Material for this task below:

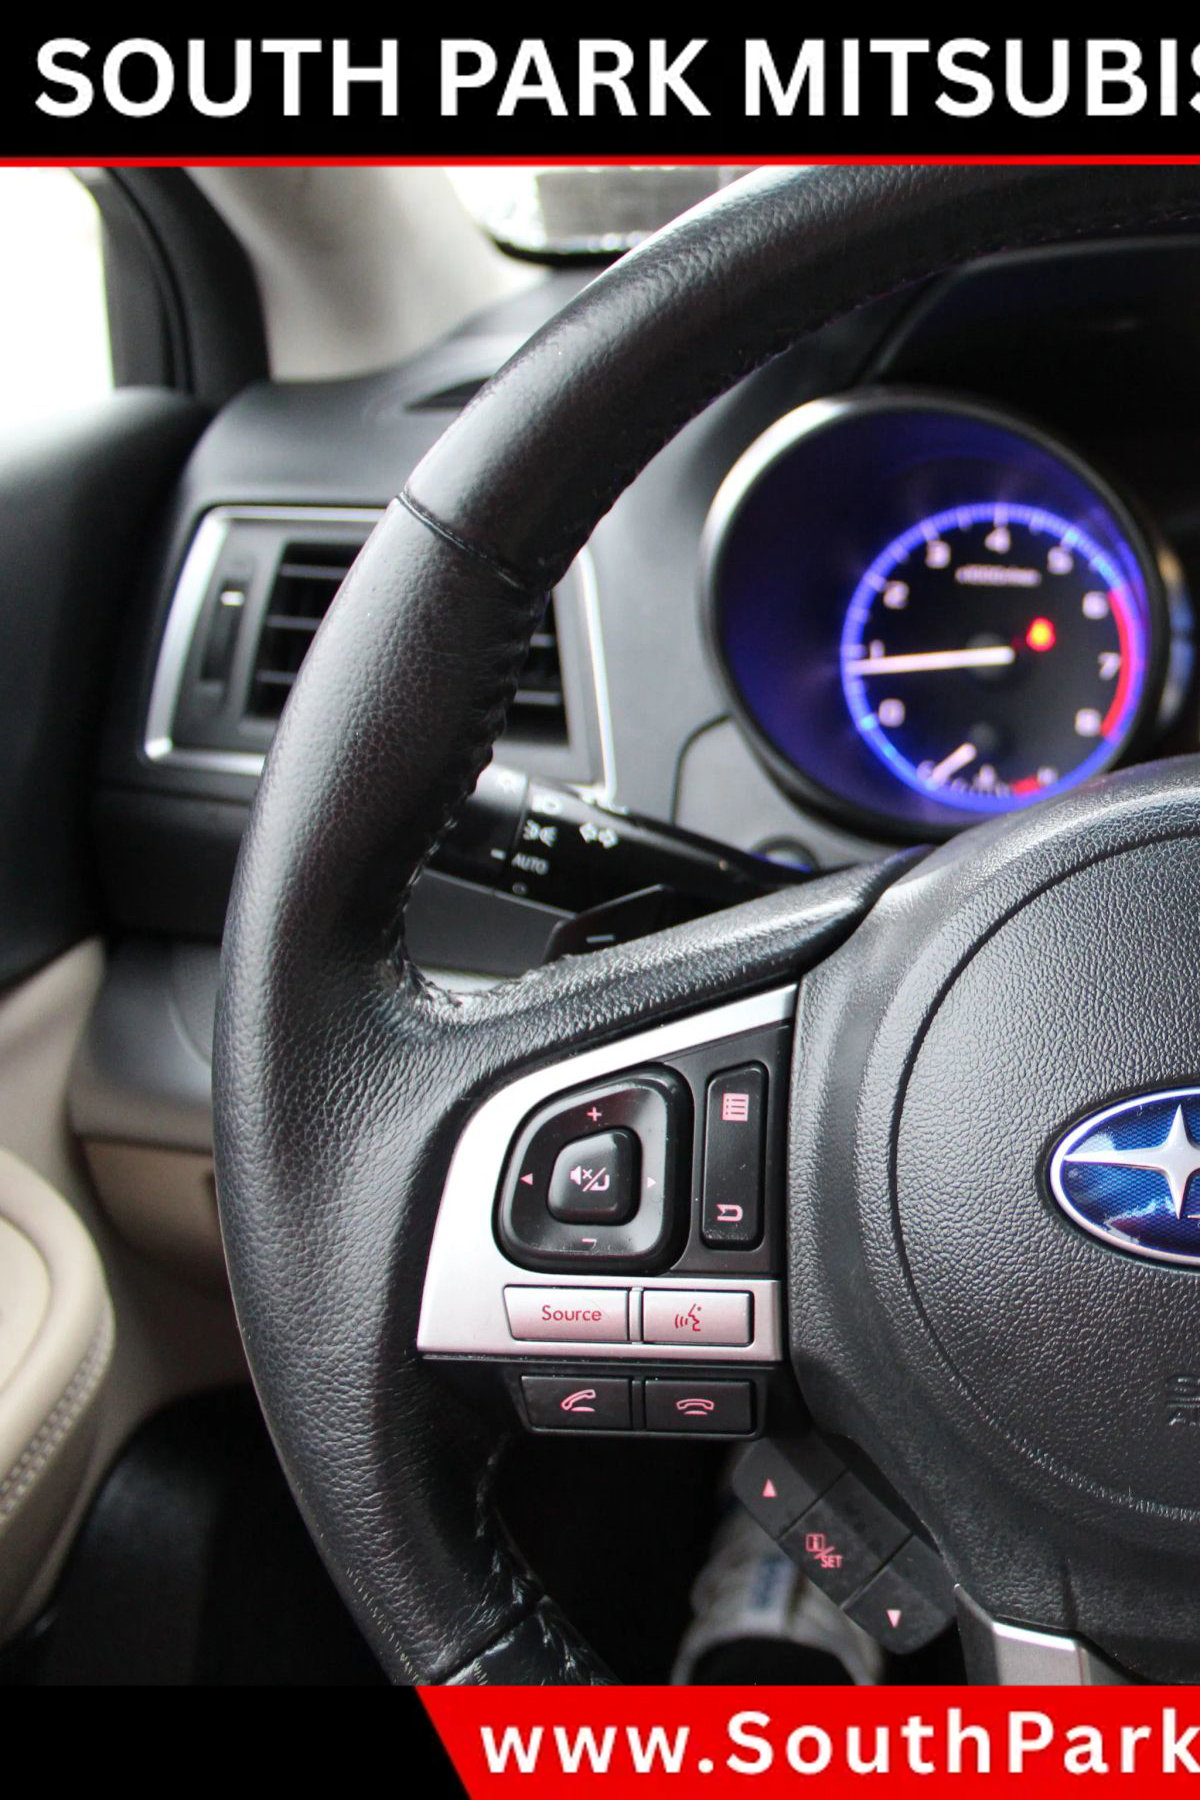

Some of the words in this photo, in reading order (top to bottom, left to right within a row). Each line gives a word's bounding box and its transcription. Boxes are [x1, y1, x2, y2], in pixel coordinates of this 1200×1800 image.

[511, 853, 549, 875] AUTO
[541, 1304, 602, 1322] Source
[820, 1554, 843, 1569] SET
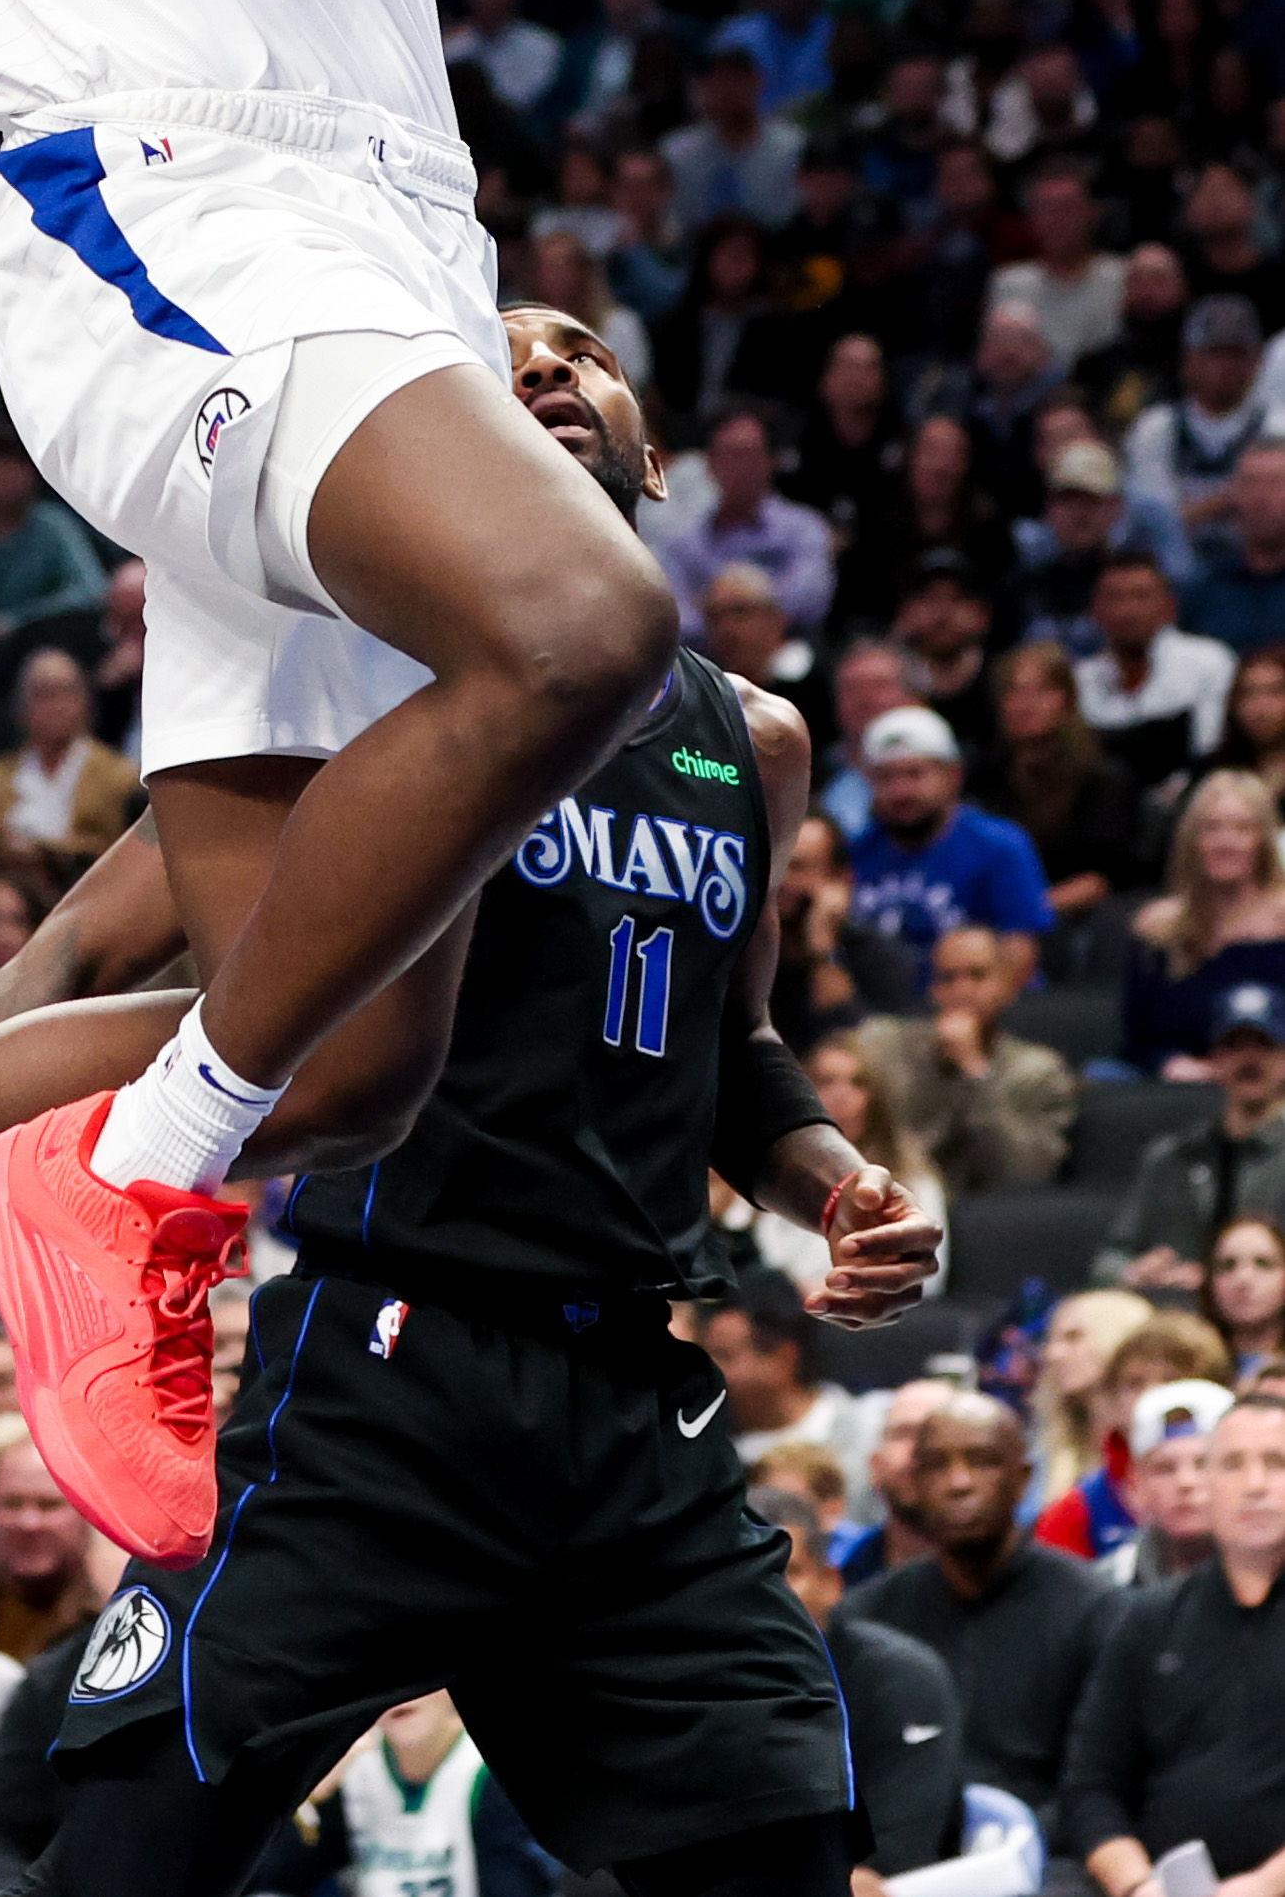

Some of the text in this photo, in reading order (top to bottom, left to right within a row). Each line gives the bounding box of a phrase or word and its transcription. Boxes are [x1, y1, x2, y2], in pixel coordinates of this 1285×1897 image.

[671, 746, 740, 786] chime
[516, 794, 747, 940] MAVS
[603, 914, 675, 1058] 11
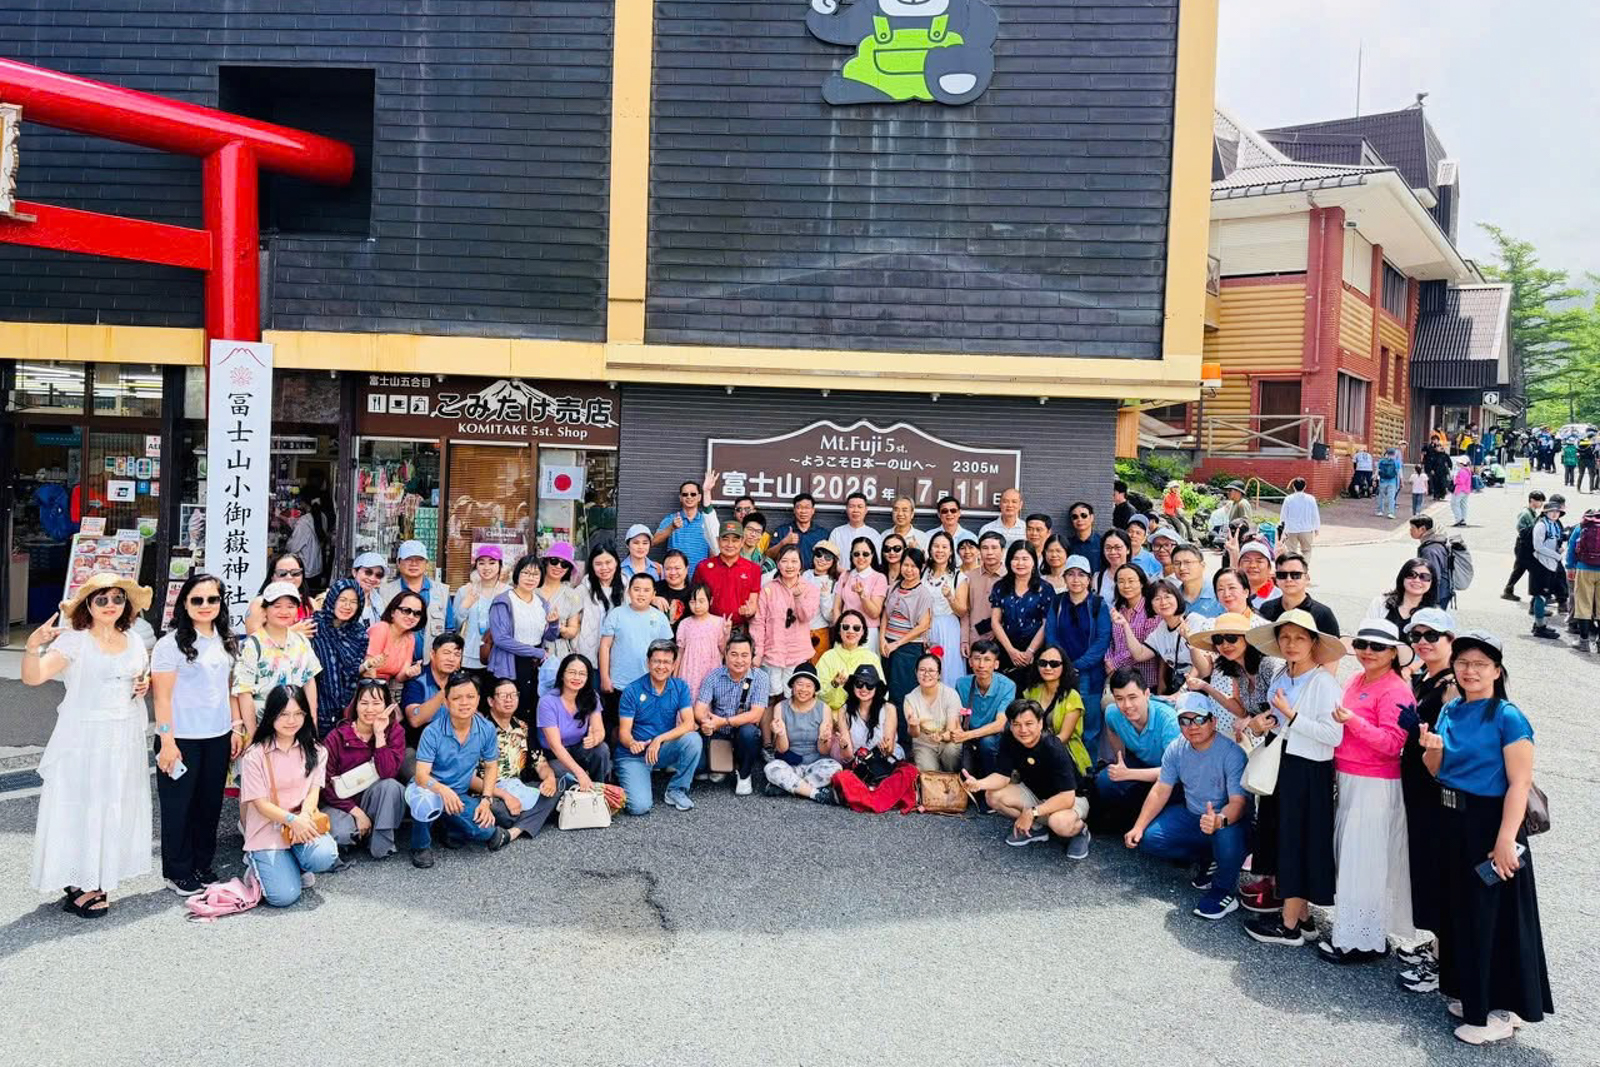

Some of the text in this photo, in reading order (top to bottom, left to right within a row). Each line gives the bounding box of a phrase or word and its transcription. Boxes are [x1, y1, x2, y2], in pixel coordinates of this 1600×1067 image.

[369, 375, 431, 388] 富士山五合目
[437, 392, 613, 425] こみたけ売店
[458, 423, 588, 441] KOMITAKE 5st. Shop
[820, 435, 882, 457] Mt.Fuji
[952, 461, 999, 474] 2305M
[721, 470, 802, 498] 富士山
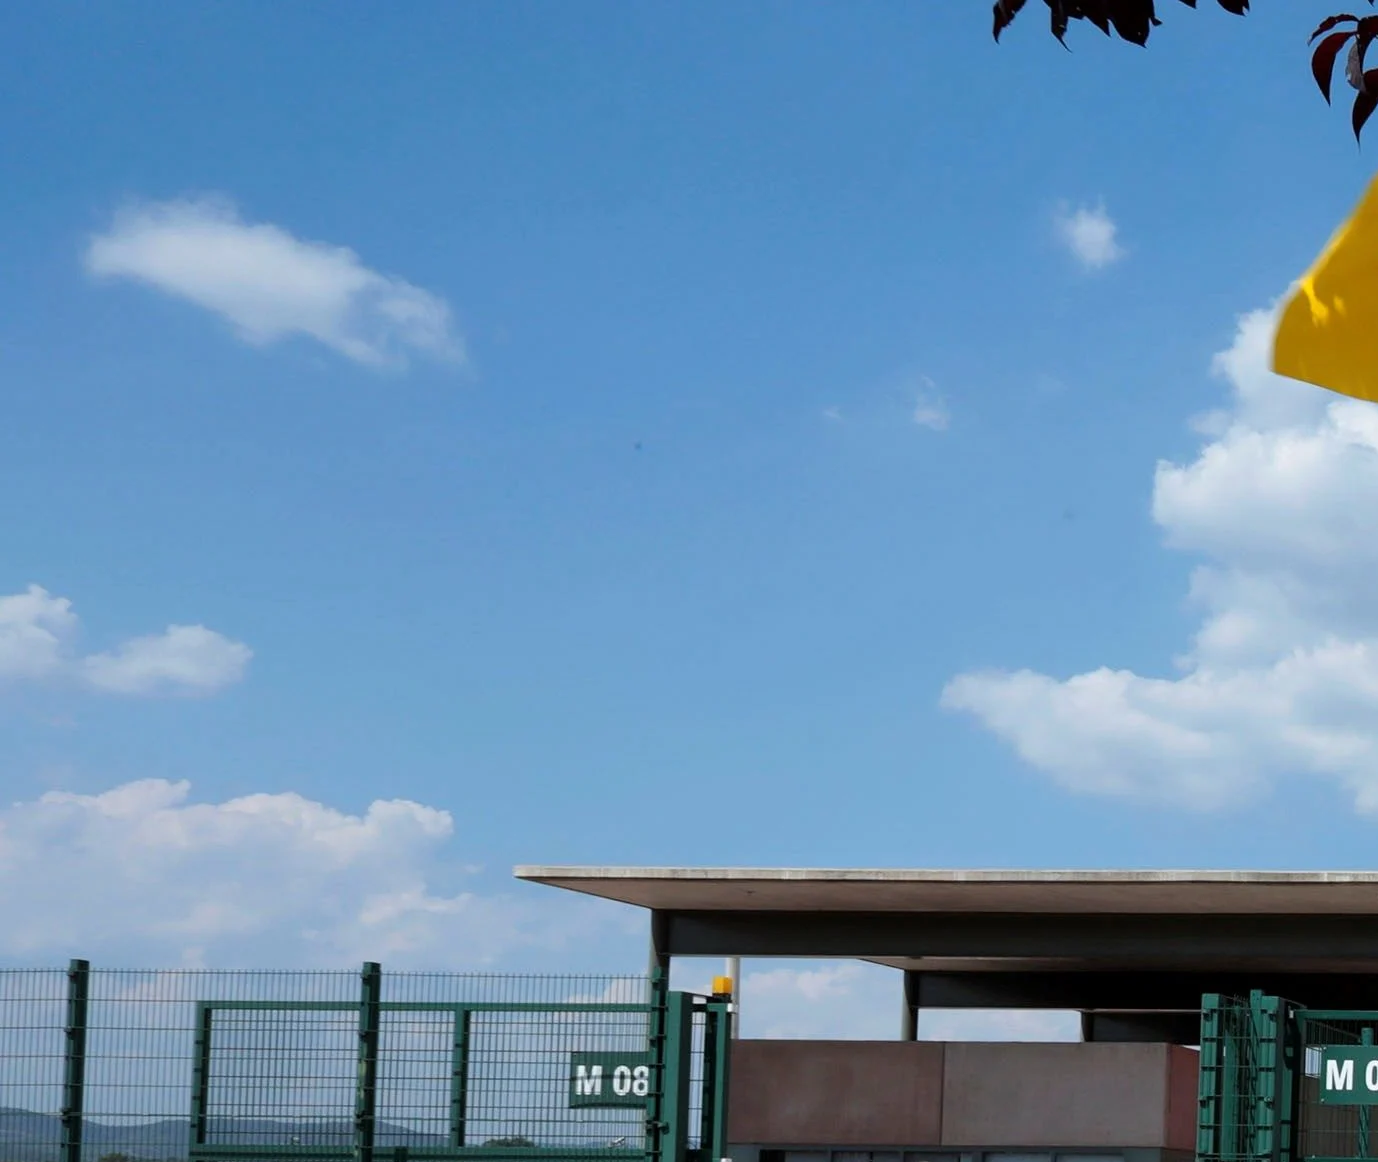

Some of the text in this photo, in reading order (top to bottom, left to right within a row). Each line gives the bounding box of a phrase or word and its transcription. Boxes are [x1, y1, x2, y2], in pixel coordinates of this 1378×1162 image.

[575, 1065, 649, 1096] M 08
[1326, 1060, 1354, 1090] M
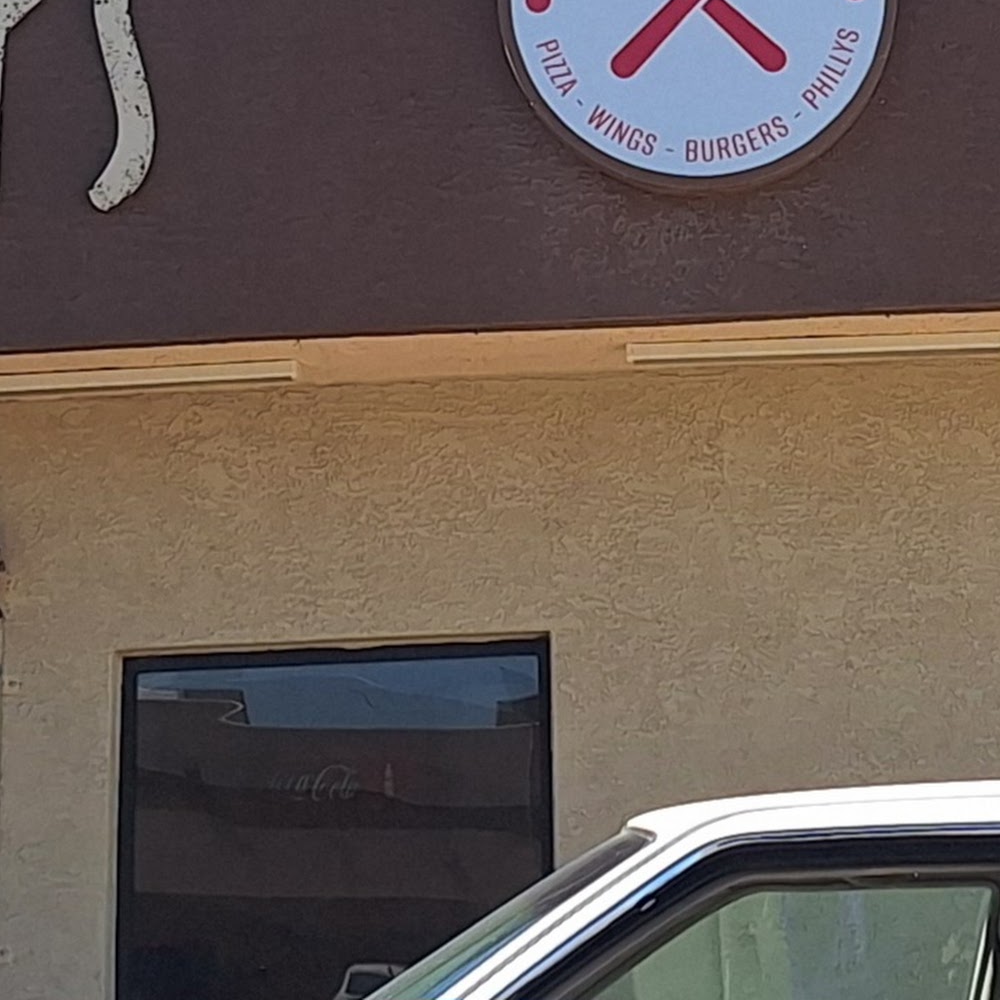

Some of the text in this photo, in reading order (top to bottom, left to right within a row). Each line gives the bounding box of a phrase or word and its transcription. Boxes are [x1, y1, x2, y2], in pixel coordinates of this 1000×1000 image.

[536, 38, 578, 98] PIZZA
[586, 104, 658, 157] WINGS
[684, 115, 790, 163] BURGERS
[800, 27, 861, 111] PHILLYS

End of Material for this task.

## Task item
With the images removed, give back every entry exactly as shown.

## Written solution
Some of the words in this photo, in reading order (top to bottom, left to right within a row). Each line gives a word's bounding box and its transcription. Boxes are [x1, y1, x2, y2], in pixel coordinates of this 1200×1800 image.

[511, 853, 549, 875] AUTO
[541, 1304, 602, 1322] Source
[820, 1554, 843, 1569] SET

Some of the text in this photo, in reading order (top to bottom, left to right within a row). Each line gives the bounding box of a phrase or word and its transcription. Boxes are [x1, y1, x2, y2], in pixel coordinates of this 1285×1897 image.

[671, 746, 740, 786] chime
[516, 794, 747, 940] MAVS
[603, 914, 675, 1058] 11

Some of the text in this photo, in reading order (top to bottom, left to right within a row). Each line gives the bounding box of a phrase or word and its transcription. Boxes are [x1, y1, x2, y2], in pixel coordinates of this 1600×1067 image.

[369, 375, 431, 388] 富士山五合目
[437, 392, 613, 425] こみたけ売店
[458, 423, 588, 441] KOMITAKE 5st. Shop
[820, 435, 882, 457] Mt.Fuji
[952, 461, 999, 474] 2305M
[721, 470, 802, 498] 富士山

Some of the text in this photo, in reading order (top to bottom, left to right within a row). Each line gives the bounding box of a phrase or word and its transcription. Boxes are [x1, y1, x2, y2], in pixel coordinates of this 1378×1162 image.

[575, 1065, 649, 1096] M 08
[1326, 1060, 1354, 1090] M

Some of the text in this photo, in reading order (top to bottom, left to right within a row). Each line gives the bounding box of a phrase or word and its transcription. Boxes are [x1, y1, x2, y2], in pixel coordinates of this 1000×1000 image.

[536, 38, 578, 98] PIZZA
[586, 104, 658, 157] WINGS
[684, 115, 790, 163] BURGERS
[800, 27, 861, 111] PHILLYS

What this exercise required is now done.